The lines to reproduce run from the one containing "this 1504×1336 image." through the final line of the entries; write them out exactly and add nothing.

====== Exercise data ======

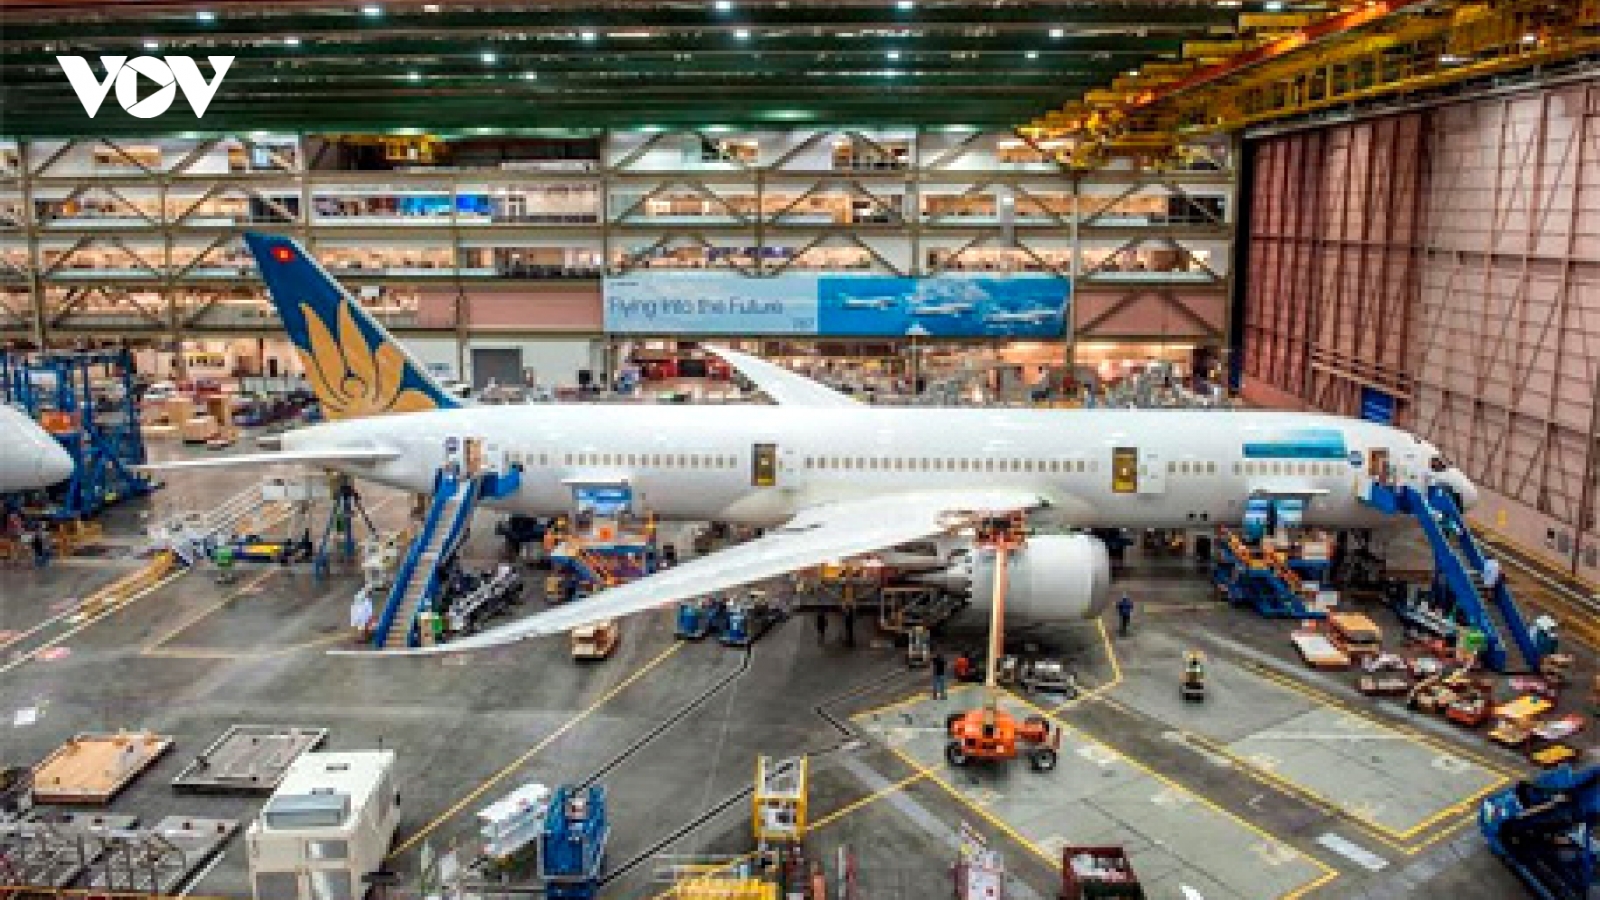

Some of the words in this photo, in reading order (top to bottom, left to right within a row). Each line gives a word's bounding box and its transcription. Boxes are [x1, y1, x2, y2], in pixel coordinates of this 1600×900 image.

[609, 296, 657, 321] Flying
[698, 296, 727, 315] the
[730, 296, 784, 315] Future
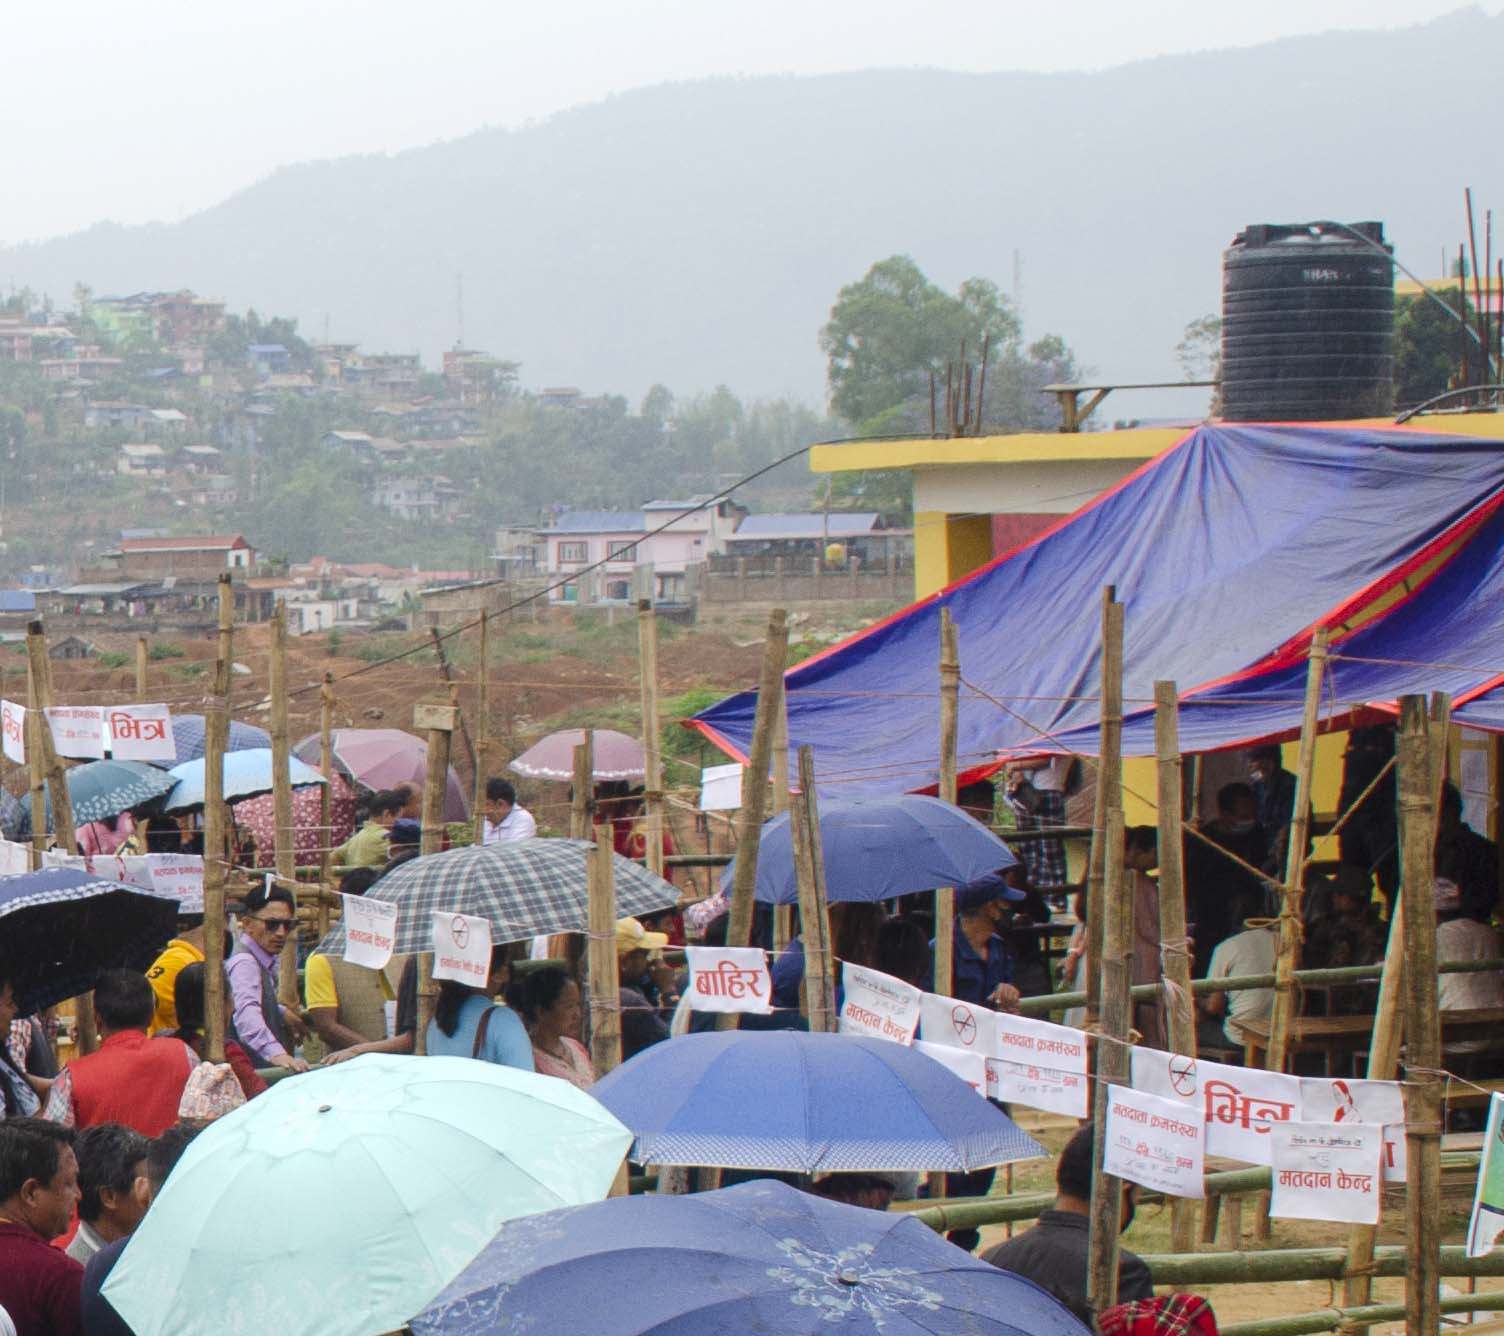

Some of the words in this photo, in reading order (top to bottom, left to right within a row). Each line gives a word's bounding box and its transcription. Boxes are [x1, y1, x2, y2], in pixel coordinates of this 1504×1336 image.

[111, 711, 167, 740] भित्र
[696, 960, 763, 998] बाहिर
[846, 1001, 881, 1028] मतदान
[883, 1015, 911, 1043] केन्द्र
[1002, 1031, 1034, 1049] मतदाता
[1036, 1038, 1081, 1056] क्रमसंख्या
[1113, 1103, 1147, 1124] मतदाता
[1150, 1114, 1198, 1138] क्रमसंख्या
[1204, 1080, 1295, 1133] भित्र
[1279, 1169, 1332, 1189] मतदान
[1337, 1167, 1373, 1193] केन्द्र

======

» Your response
Some of the words in this photo, in reading order (top to bottom, left to right within a row). Each line gives a word's bounding box and its transcription. Boxes are [x1, y1, x2, y2], in pixel coordinates of this 1504×1336 image.

[111, 711, 167, 740] भित्र
[696, 960, 763, 998] बाहिर
[846, 1001, 881, 1028] मतदान
[883, 1015, 911, 1043] केन्द्र
[1002, 1031, 1034, 1049] मतदाता
[1036, 1038, 1081, 1056] क्रमसंख्या
[1113, 1103, 1147, 1124] मतदाता
[1150, 1114, 1198, 1138] क्रमसंख्या
[1204, 1080, 1295, 1133] भित्र
[1279, 1169, 1332, 1189] मतदान
[1337, 1167, 1373, 1193] केन्द्र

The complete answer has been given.